Error Prevention Strategies
Implementing Strategies to Prevent Medication Errors
Preventing medication errors is crucial for patient safety:
- Double-Checking: Encourage a culture of verification where nurses double-check calculations and high-risk medications.
- Using Technology: Implement bar-code medication administration (BCMA) systems, which use barcode scanning to confirm the right patient, drug, dose, route, and time.
- Standardizing Protocols: Establish clear protocols and checklists for medication administration, ensuring that all staff members follow the same procedures.
Reporting and Documenting Medication Errors
In the event of a medication error, it’s essential to follow facility protocols:
- Immediate Action: Assess the patient’s condition and provide necessary interventions.

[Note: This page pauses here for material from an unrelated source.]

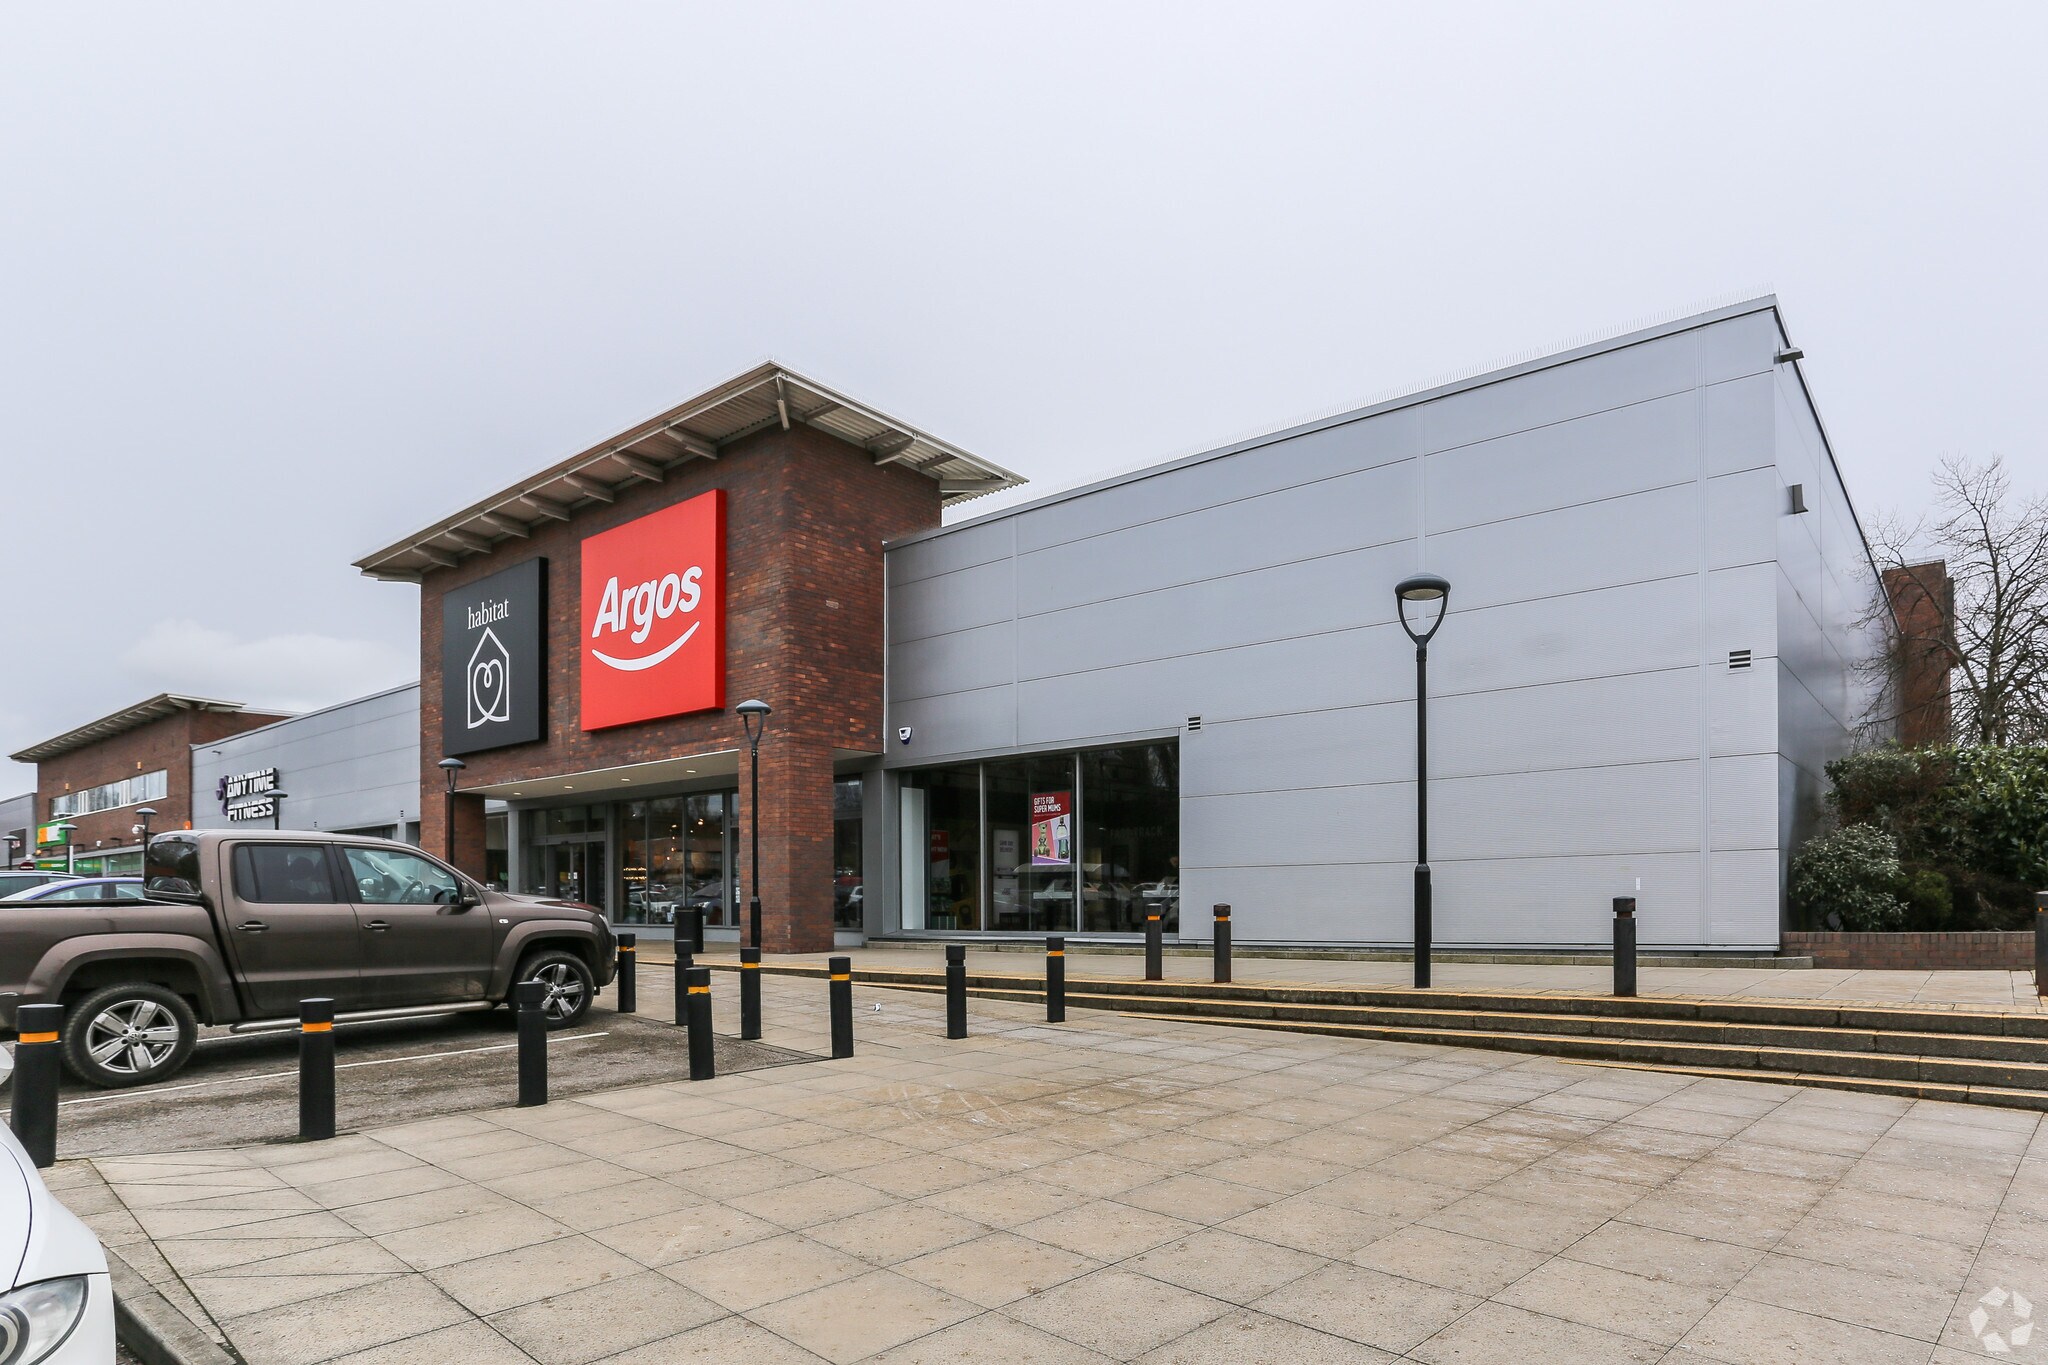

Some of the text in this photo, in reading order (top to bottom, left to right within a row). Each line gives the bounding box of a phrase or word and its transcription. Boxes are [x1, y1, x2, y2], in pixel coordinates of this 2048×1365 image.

- Reporting: Notify the supervising nurse and the physician immediately. Follow your facility’s reporting procedures.
- Documentation: Accurately document the incident in the patient’s medical record, including the medication involved, dose, route, time, and the patient’s response.
Conclusion
This comprehensive overview of Medication Administration in nursing practice emphasizes the importance of safe medication handling and the protocols necessary to ensure patient safety. By understanding the pharmacokinetics of medications, the appropriate administration routes, and the principles of medication safety, nurses can provide effective care that minimizes the risk of errors and optimizes therapeutic outcomes. Continuous education, adherence to best practices, and a commitment to patient safety are vital in nursing pharmacology and parenteral therapies.